ESRI Shapefiles are used by legacy systems and as file based interchange format. Implementers are encouraged to upgrade their systems based on OGC Web Services.

File geodatabases store datasets as folders in a file system with each file capable of storing more than 1 TB of information. Each file geodatabase can hold any number of these large, individual datasets. File geodatabases can be used across all platforms and can be compressed. They support the complete geodatabase information model and are faster than using shapefiles for large datasets.

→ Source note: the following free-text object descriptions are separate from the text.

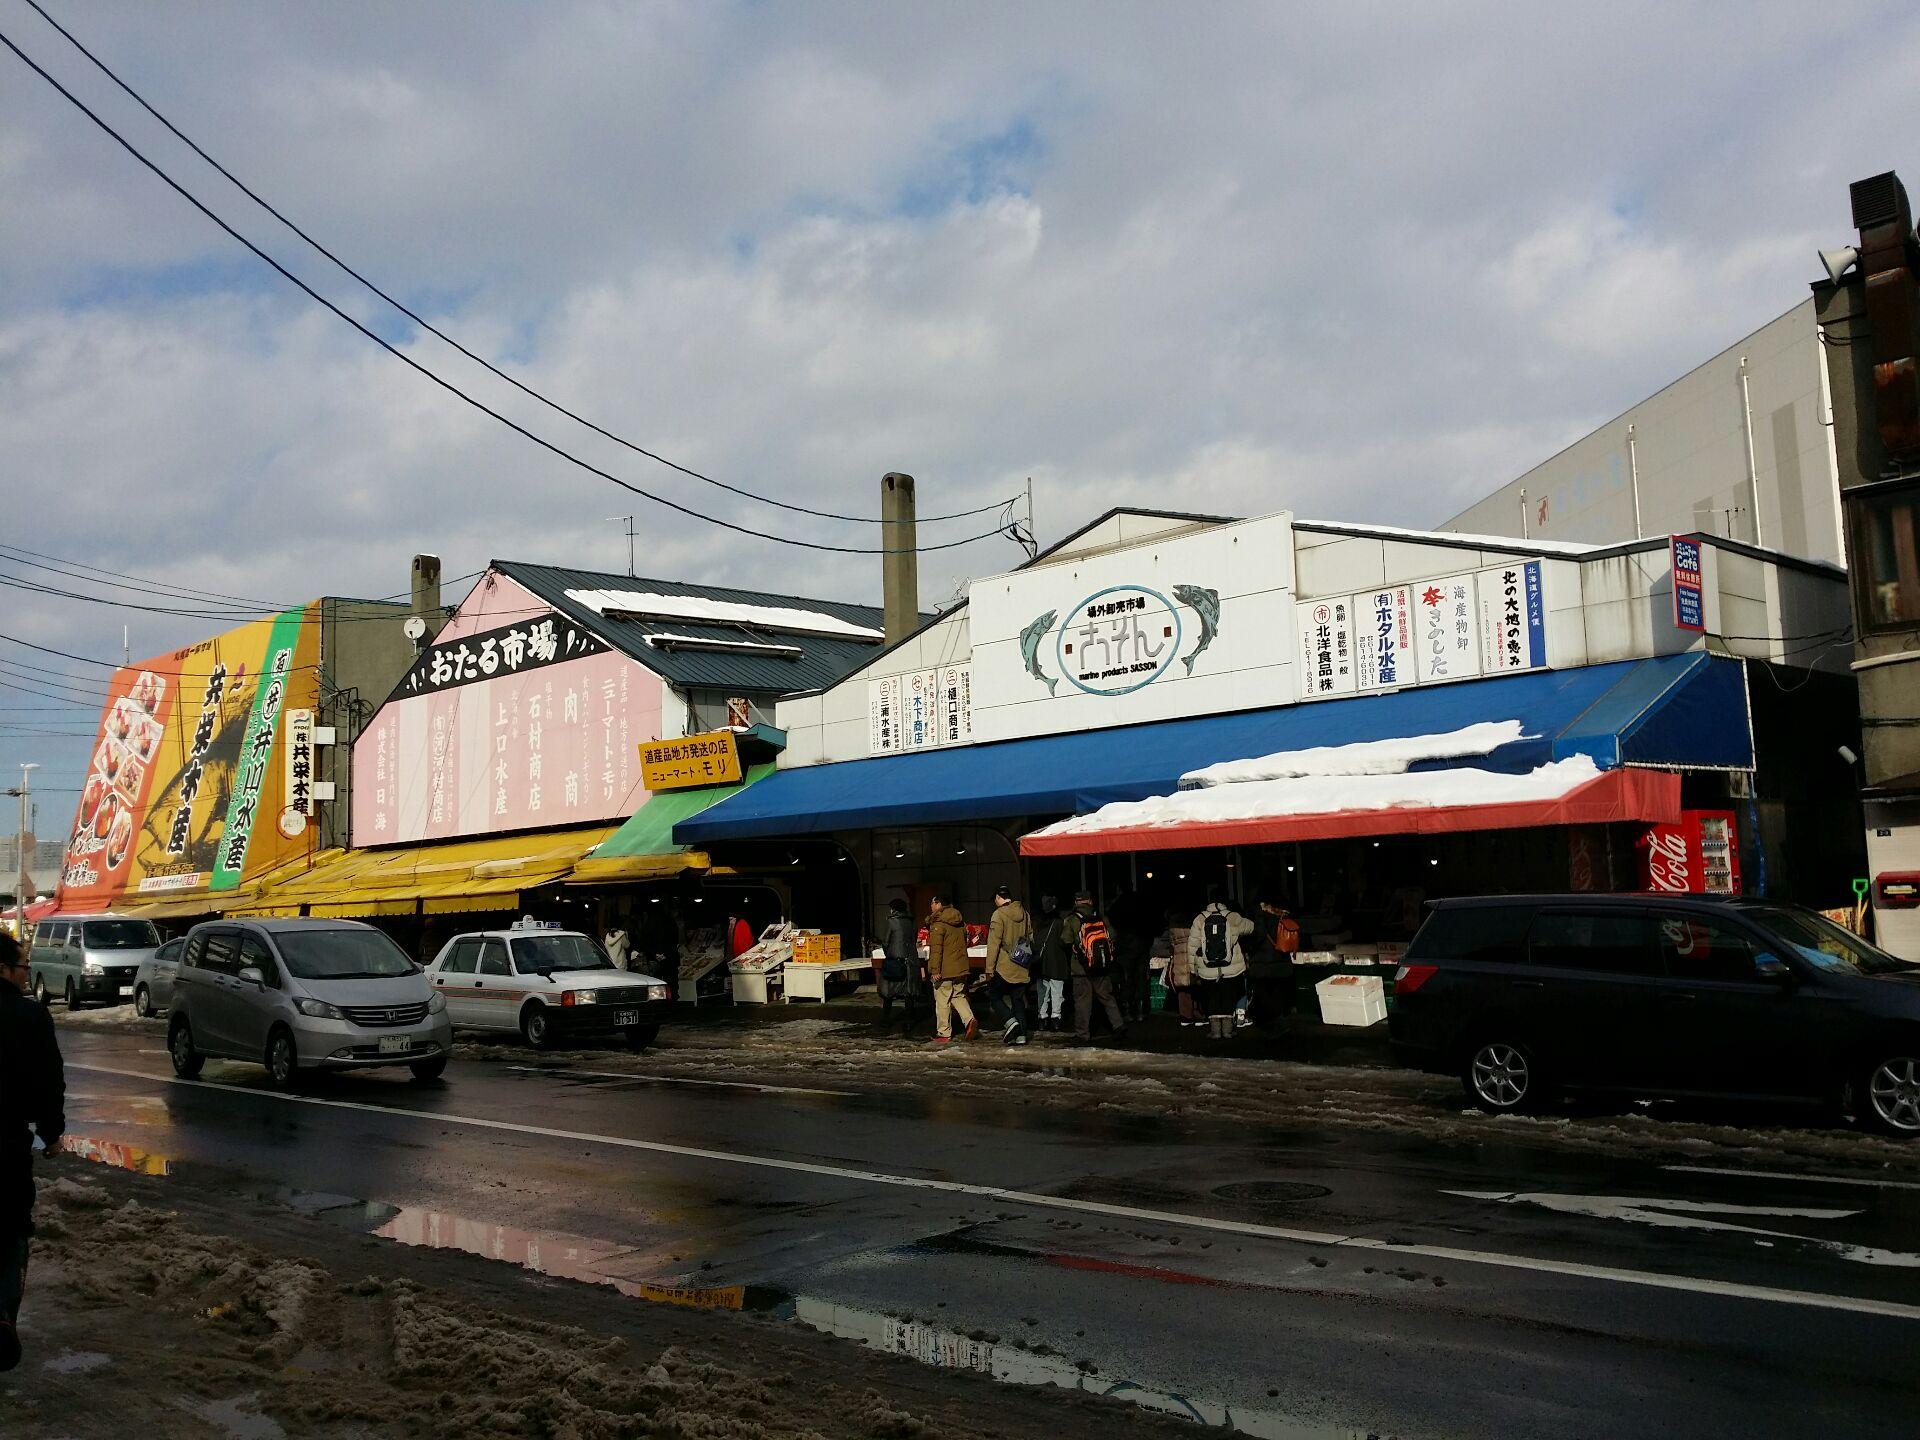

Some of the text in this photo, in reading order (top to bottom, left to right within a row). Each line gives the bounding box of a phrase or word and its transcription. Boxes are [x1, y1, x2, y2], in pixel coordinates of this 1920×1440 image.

[1086, 596, 1146, 618] 場外卸売市場
[1453, 585, 1469, 651] 海産物卸
[1502, 570, 1521, 667] 北の大地の恵み
[1527, 566, 1541, 627] 北海道グルメ便
[429, 619, 558, 686] おたる市場
[1079, 660, 1158, 681] marine products SASSON
[602, 679, 616, 801] ニューマート・モリ
[913, 695, 923, 744] 木下商店
[948, 687, 958, 740] 樋口商店
[377, 727, 386, 781] 株式会社
[495, 702, 508, 815] 上口水産
[528, 694, 542, 811] 石村商店
[645, 739, 729, 765] 道産品地方発送の店
[652, 758, 726, 782] ニューマート・モリ
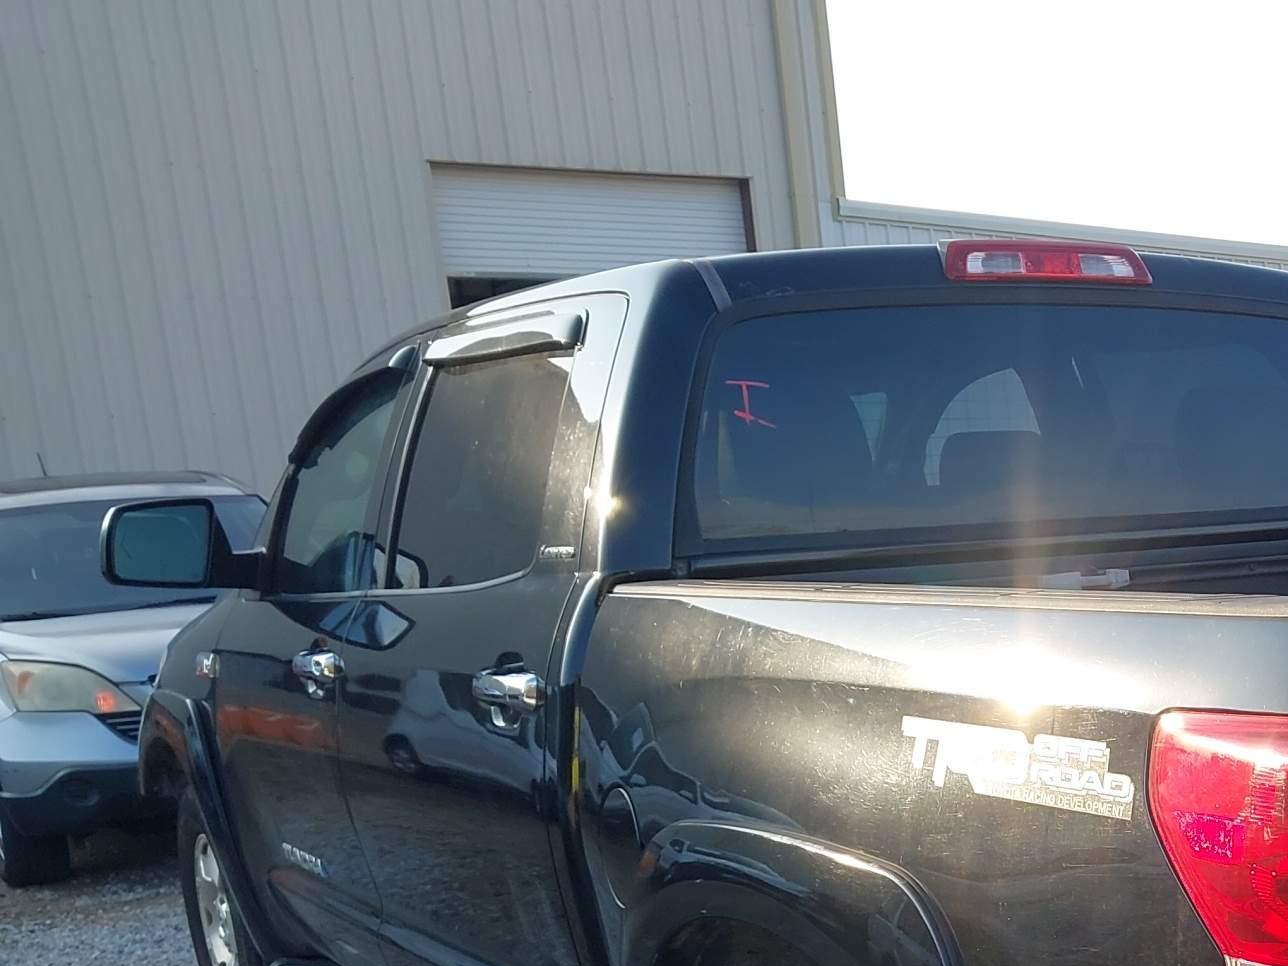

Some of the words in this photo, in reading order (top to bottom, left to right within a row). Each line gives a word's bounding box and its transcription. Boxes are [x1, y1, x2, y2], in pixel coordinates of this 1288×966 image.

[1034, 734, 1110, 771] OFF
[1032, 765, 1134, 801] ROAD
[1023, 789, 1056, 807] RACING
[1058, 796, 1125, 818] DEVELOPMENT

Users are rapidly adopting the file geodatabase in place of using shapefiles.

12: Geospatial Coordinate Services: general positioning, coordinate systems, and coordinate transformations
  • Recommended: OGC 01-009, OpenGIS Coordinate Transformation Service Implementation Specification Revision 1.00, January 2001.

 

[a] GeoTIFF 1.8.2 is public domain metadata standard embedding geo-referencing information within a TIFF revision 6.0 file.

[b] Requires LizardTech's (lizardtech.com) decoding software development kit (DSDK). The MrSID file format is a proprietary technology that provides tools for the rapid compression, viewing, and manipulation of geospatial raster and LiDAR data.




[2] The only scenario where this would apply would be in the case that crypto devices cannot be supplied, protected and managed on site and physical access to the AMN is hence not available at that location.

[3] If SCIP is used, then access to the AMN can only be possible if a gateway for SCIP multi-conferencing and interconnection to VoSIP networks is provided. AMN. Additionally to achieve this there would need to be agreement to re-use a Key Management system that is already deployed in ISAF (for example that used for the OMLTs).